**WHAT TO PRODUCE:** Reprint all records below exactly. No images.
......
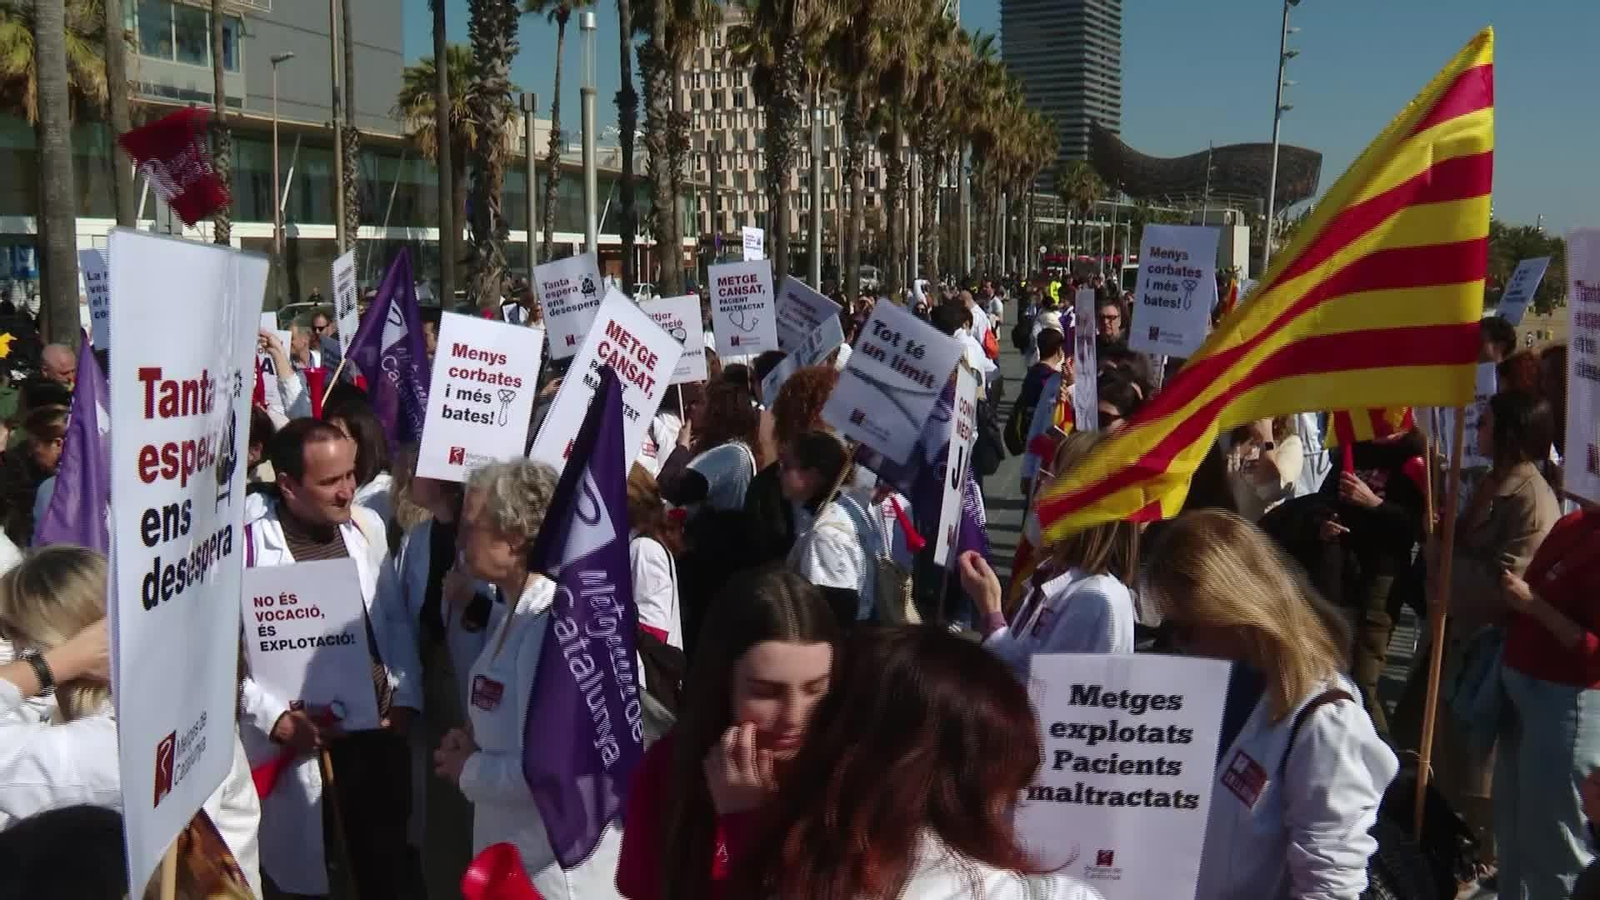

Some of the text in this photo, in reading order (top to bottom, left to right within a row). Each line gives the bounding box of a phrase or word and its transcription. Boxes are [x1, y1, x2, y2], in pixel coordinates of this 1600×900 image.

[1149, 246, 1189, 262] Menys
[718, 274, 758, 287] METGE
[1147, 264, 1203, 279] corbates
[543, 279, 570, 291] Tanta
[545, 286, 578, 299] espera
[718, 284, 766, 298] CANSAT,
[1153, 280, 1179, 292] més
[547, 299, 564, 308] ens
[549, 299, 600, 317] desespera
[719, 296, 749, 305] PACIENT
[719, 302, 765, 313] MALTRACTAT
[1143, 293, 1181, 309] bates!
[661, 319, 683, 329] nció
[872, 319, 902, 348] Tot
[451, 342, 507, 366] Menys
[605, 319, 659, 372] METGE
[861, 341, 887, 363] un
[448, 366, 523, 388] corbates
[597, 341, 656, 400] CANSAT,
[444, 383, 492, 404] i més
[441, 404, 495, 425] bates!
[141, 498, 192, 547] ens
[141, 523, 233, 611] desespera
[253, 592, 298, 607] NO ÉS
[255, 604, 325, 622] VOCACIÓ,
[258, 623, 276, 637] ÉS
[260, 633, 356, 652] EXPLOTACIÓ!
[1067, 684, 1184, 716] Metges
[1049, 719, 1194, 746] explotats
[1052, 749, 1183, 776] Pacients
[1026, 781, 1200, 809] maltractats
......
**ANSWER TO THE PROBLEM:**
Some of the text in this photo, in reading order (top to bottom, left to right within a row). Each line gives the bounding box of a phrase or word and its transcription. Boxes are [x1, y1, x2, y2], in pixel coordinates of this 1600×900 image.

[1149, 246, 1189, 262] Menys
[718, 274, 758, 287] METGE
[1147, 264, 1203, 279] corbates
[543, 279, 570, 291] Tanta
[545, 286, 578, 299] espera
[718, 284, 766, 298] CANSAT,
[1153, 280, 1179, 292] més
[547, 299, 564, 308] ens
[549, 299, 600, 317] desespera
[719, 296, 749, 305] PACIENT
[719, 302, 765, 313] MALTRACTAT
[1143, 293, 1181, 309] bates!
[661, 319, 683, 329] nció
[872, 319, 902, 348] Tot
[451, 342, 507, 366] Menys
[605, 319, 659, 372] METGE
[861, 341, 887, 363] un
[448, 366, 523, 388] corbates
[597, 341, 656, 400] CANSAT,
[444, 383, 492, 404] i més
[441, 404, 495, 425] bates!
[141, 498, 192, 547] ens
[141, 523, 233, 611] desespera
[253, 592, 298, 607] NO ÉS
[255, 604, 325, 622] VOCACIÓ,
[258, 623, 276, 637] ÉS
[260, 633, 356, 652] EXPLOTACIÓ!
[1067, 684, 1184, 716] Metges
[1049, 719, 1194, 746] explotats
[1052, 749, 1183, 776] Pacients
[1026, 781, 1200, 809] maltractats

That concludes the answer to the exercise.